→ **Exercise directions**: No pictures belong in the copy. Restate the rest of the data exactly.

Collected data:
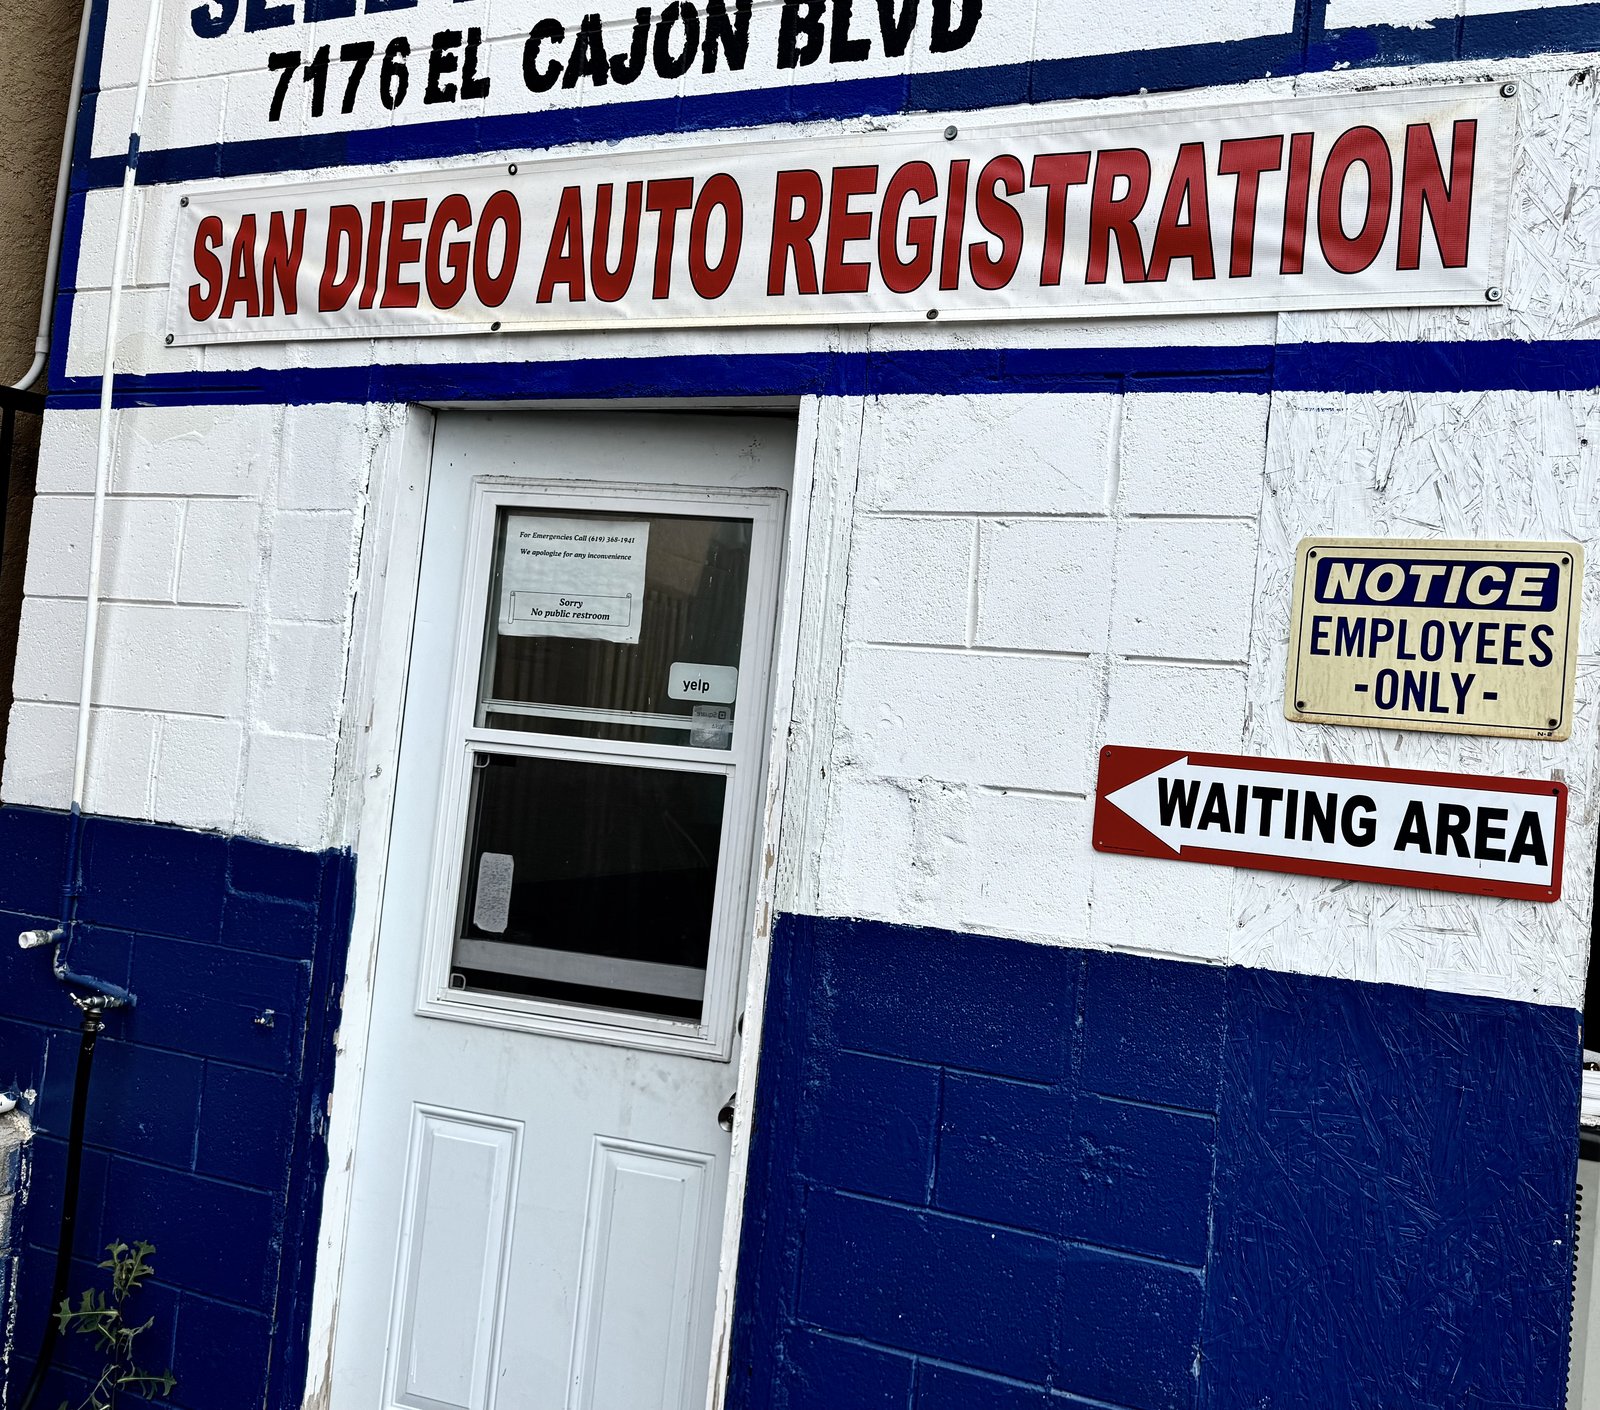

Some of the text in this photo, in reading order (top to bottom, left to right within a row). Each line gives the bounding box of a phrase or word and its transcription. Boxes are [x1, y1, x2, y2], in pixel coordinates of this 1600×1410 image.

[268, 37, 411, 122] 7176
[423, 27, 491, 105] EL
[523, 0, 754, 93] CAJON
[776, 0, 983, 70] BLVD
[188, 119, 1477, 322] SAN DIEGO AUTO REGISTRATION
[532, 532, 573, 540] Emergencies
[574, 552, 587, 560] any
[587, 552, 632, 560] inconvenience
[1323, 561, 1550, 606] NOTICE
[530, 608, 610, 621] No public restroom
[559, 598, 584, 609] Sorry
[1310, 615, 1555, 668] EMPLOYEES
[683, 679, 710, 693] yelp
[1158, 777, 1549, 868] WAITING AREA
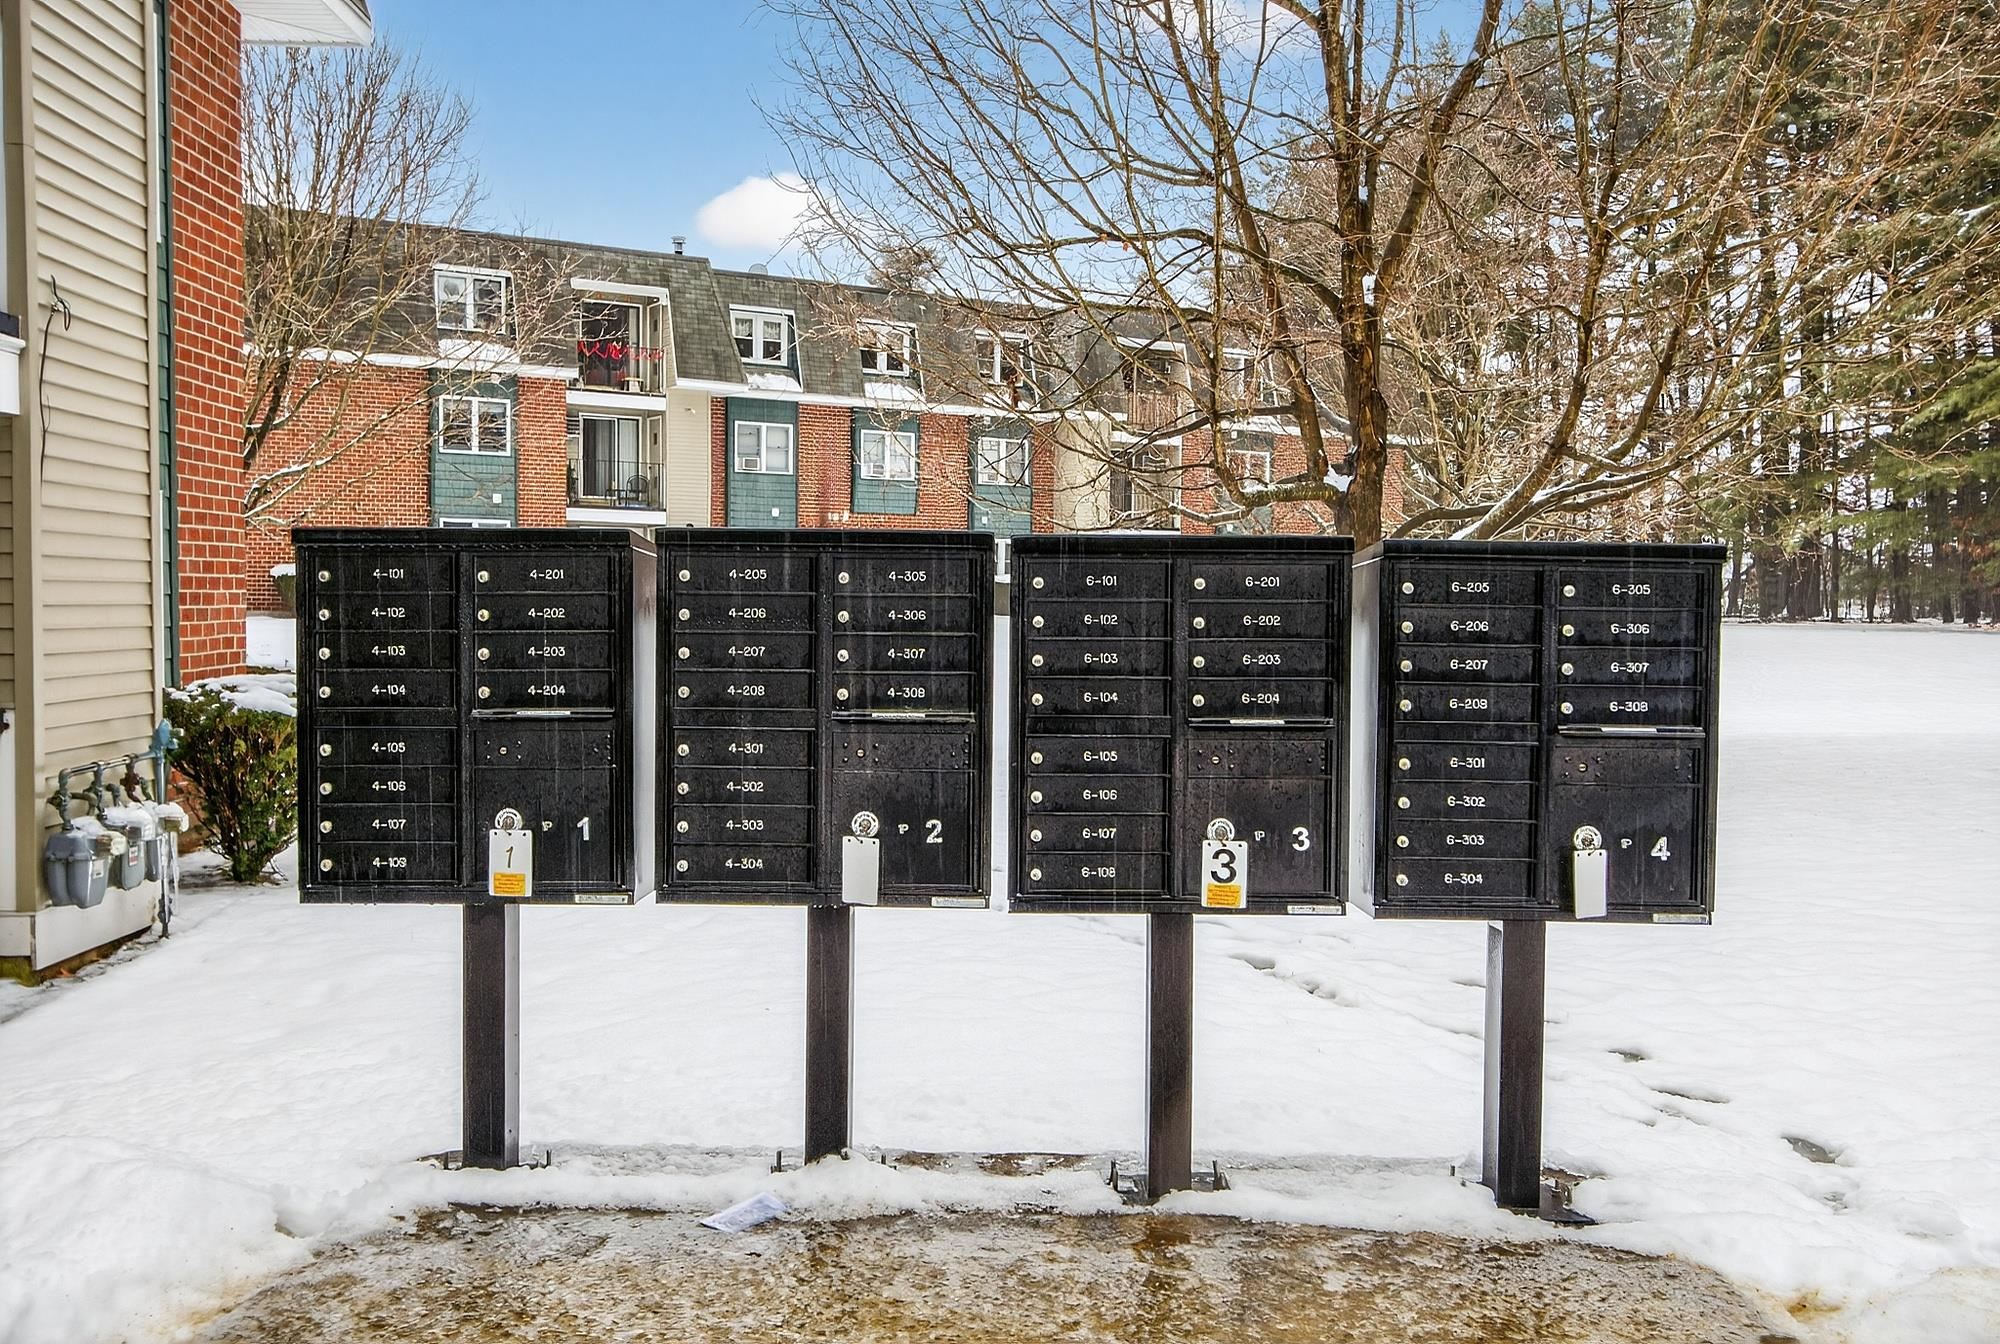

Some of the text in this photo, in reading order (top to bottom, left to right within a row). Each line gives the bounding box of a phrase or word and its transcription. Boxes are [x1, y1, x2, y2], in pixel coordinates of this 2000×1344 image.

[373, 568, 404, 579] 4-101
[529, 568, 564, 580] 4-201
[728, 568, 767, 580] 4-205
[888, 570, 927, 582] 4-305
[1086, 575, 1117, 586] 6-101
[1245, 576, 1280, 588] 6-201
[1451, 581, 1490, 593] 6-205
[1612, 583, 1651, 595] 6-305
[371, 607, 406, 618] 4-102
[527, 607, 566, 619] 4-202
[728, 607, 767, 619] 4-206
[888, 609, 927, 621] 4-306
[1084, 614, 1119, 625] 6-102
[1243, 615, 1281, 626] 6-202
[1450, 620, 1489, 632] 6-206
[1610, 623, 1650, 635] 6-306
[371, 645, 406, 656] 4-103
[527, 646, 566, 657] 4-203
[728, 645, 766, 657] 4-207
[887, 648, 926, 659] 4-307
[1083, 652, 1119, 664] 6-103
[1242, 654, 1281, 665] 6-203
[1449, 658, 1489, 670] 6-207
[1610, 661, 1650, 673] 6-307
[371, 684, 406, 696] 4-104
[527, 684, 566, 696] 4-204
[727, 685, 765, 697] 4-208
[887, 687, 926, 698] 4-308
[1083, 691, 1119, 703] 6-104
[1241, 692, 1280, 704] 6-204
[728, 742, 764, 754] 4-301
[1083, 750, 1118, 762] 6-105
[726, 780, 764, 793] 4-302
[1082, 789, 1118, 801] 6-106
[1447, 795, 1486, 807] 6-302
[371, 818, 407, 830] 4-107
[577, 817, 590, 841] 1
[725, 819, 764, 831] 4-303
[925, 819, 944, 844] 2
[1082, 827, 1117, 839] 6-107
[1292, 826, 1310, 852] 3
[1446, 834, 1485, 846] 6-303
[1650, 836, 1671, 861] 4
[505, 845, 514, 869] 1
[1081, 866, 1116, 878] 6-108
[1210, 848, 1237, 884] 3
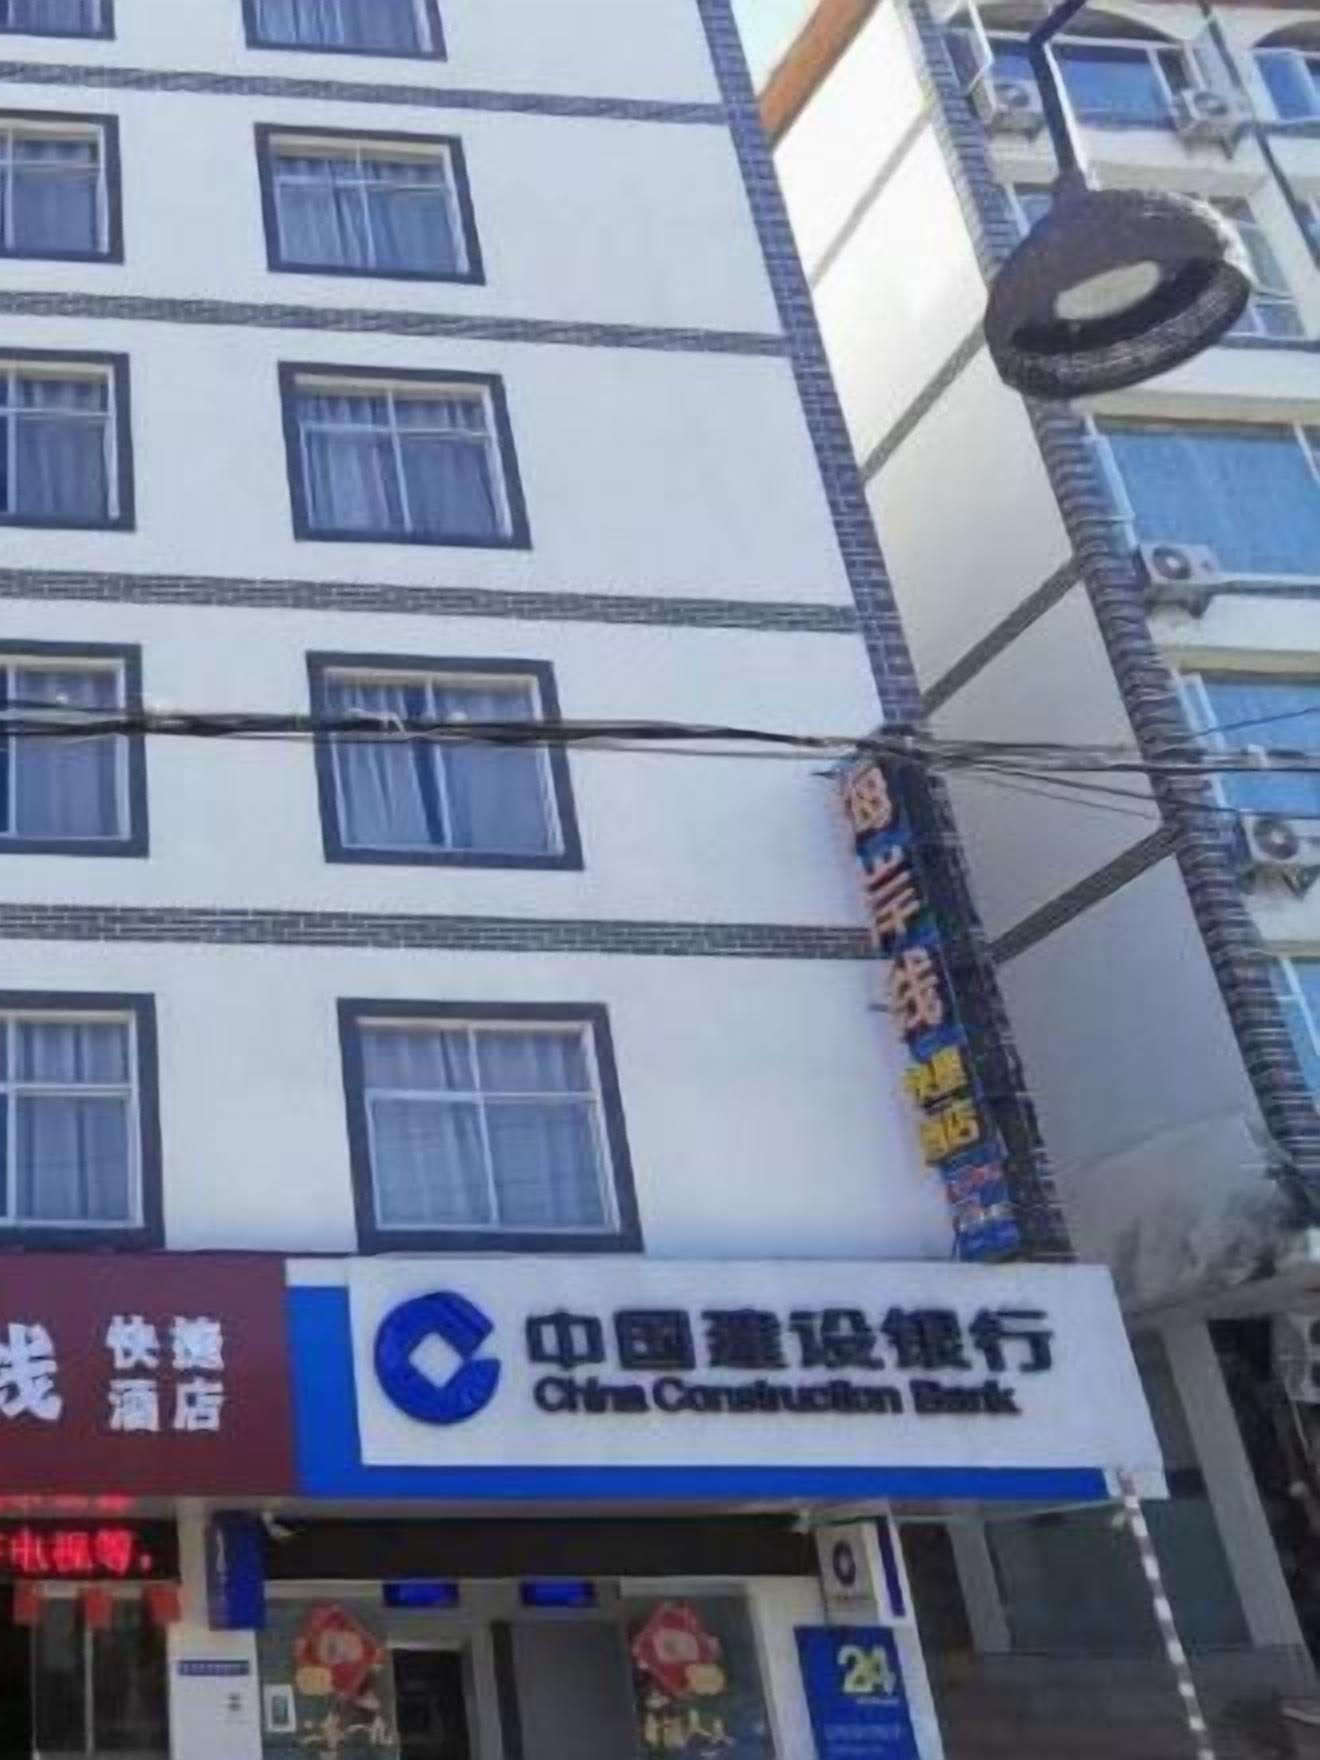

→ **Response area**:
Some of the text in this photo, in reading order (top to bottom, left to right within a row). Each line gives the bounding box of a phrase or word and its transcription. Boxes are [x1, y1, x2, y2], in pixel coordinates of this 1600×1410 image.

[268, 37, 411, 122] 7176
[423, 27, 491, 105] EL
[523, 0, 754, 93] CAJON
[776, 0, 983, 70] BLVD
[188, 119, 1477, 322] SAN DIEGO AUTO REGISTRATION
[532, 532, 573, 540] Emergencies
[574, 552, 587, 560] any
[587, 552, 632, 560] inconvenience
[1323, 561, 1550, 606] NOTICE
[530, 608, 610, 621] No public restroom
[559, 598, 584, 609] Sorry
[1310, 615, 1555, 668] EMPLOYEES
[683, 679, 710, 693] yelp
[1158, 777, 1549, 868] WAITING AREA

Some of the text in this photo, in reading order (top to bottom, left to right within a row). Each line gives the bounding box of a phrase or word and its transcription. Boxes are [x1, y1, x2, y2], in pixel coordinates of this 2000×1344 image.

[373, 568, 404, 579] 4-101
[529, 568, 564, 580] 4-201
[728, 568, 767, 580] 4-205
[888, 570, 927, 582] 4-305
[1086, 575, 1117, 586] 6-101
[1245, 576, 1280, 588] 6-201
[1451, 581, 1490, 593] 6-205
[1612, 583, 1651, 595] 6-305
[371, 607, 406, 618] 4-102
[527, 607, 566, 619] 4-202
[728, 607, 767, 619] 4-206
[888, 609, 927, 621] 4-306
[1084, 614, 1119, 625] 6-102
[1243, 615, 1281, 626] 6-202
[1450, 620, 1489, 632] 6-206
[1610, 623, 1650, 635] 6-306
[371, 645, 406, 656] 4-103
[527, 646, 566, 657] 4-203
[728, 645, 766, 657] 4-207
[887, 648, 926, 659] 4-307
[1083, 652, 1119, 664] 6-103
[1242, 654, 1281, 665] 6-203
[1449, 658, 1489, 670] 6-207
[1610, 661, 1650, 673] 6-307
[371, 684, 406, 696] 4-104
[527, 684, 566, 696] 4-204
[727, 685, 765, 697] 4-208
[887, 687, 926, 698] 4-308
[1083, 691, 1119, 703] 6-104
[1241, 692, 1280, 704] 6-204
[728, 742, 764, 754] 4-301
[1083, 750, 1118, 762] 6-105
[726, 780, 764, 793] 4-302
[1082, 789, 1118, 801] 6-106
[1447, 795, 1486, 807] 6-302
[371, 818, 407, 830] 4-107
[577, 817, 590, 841] 1
[725, 819, 764, 831] 4-303
[925, 819, 944, 844] 2
[1082, 827, 1117, 839] 6-107
[1292, 826, 1310, 852] 3
[1446, 834, 1485, 846] 6-303
[1650, 836, 1671, 861] 4
[505, 845, 514, 869] 1
[1081, 866, 1116, 878] 6-108
[1210, 848, 1237, 884] 3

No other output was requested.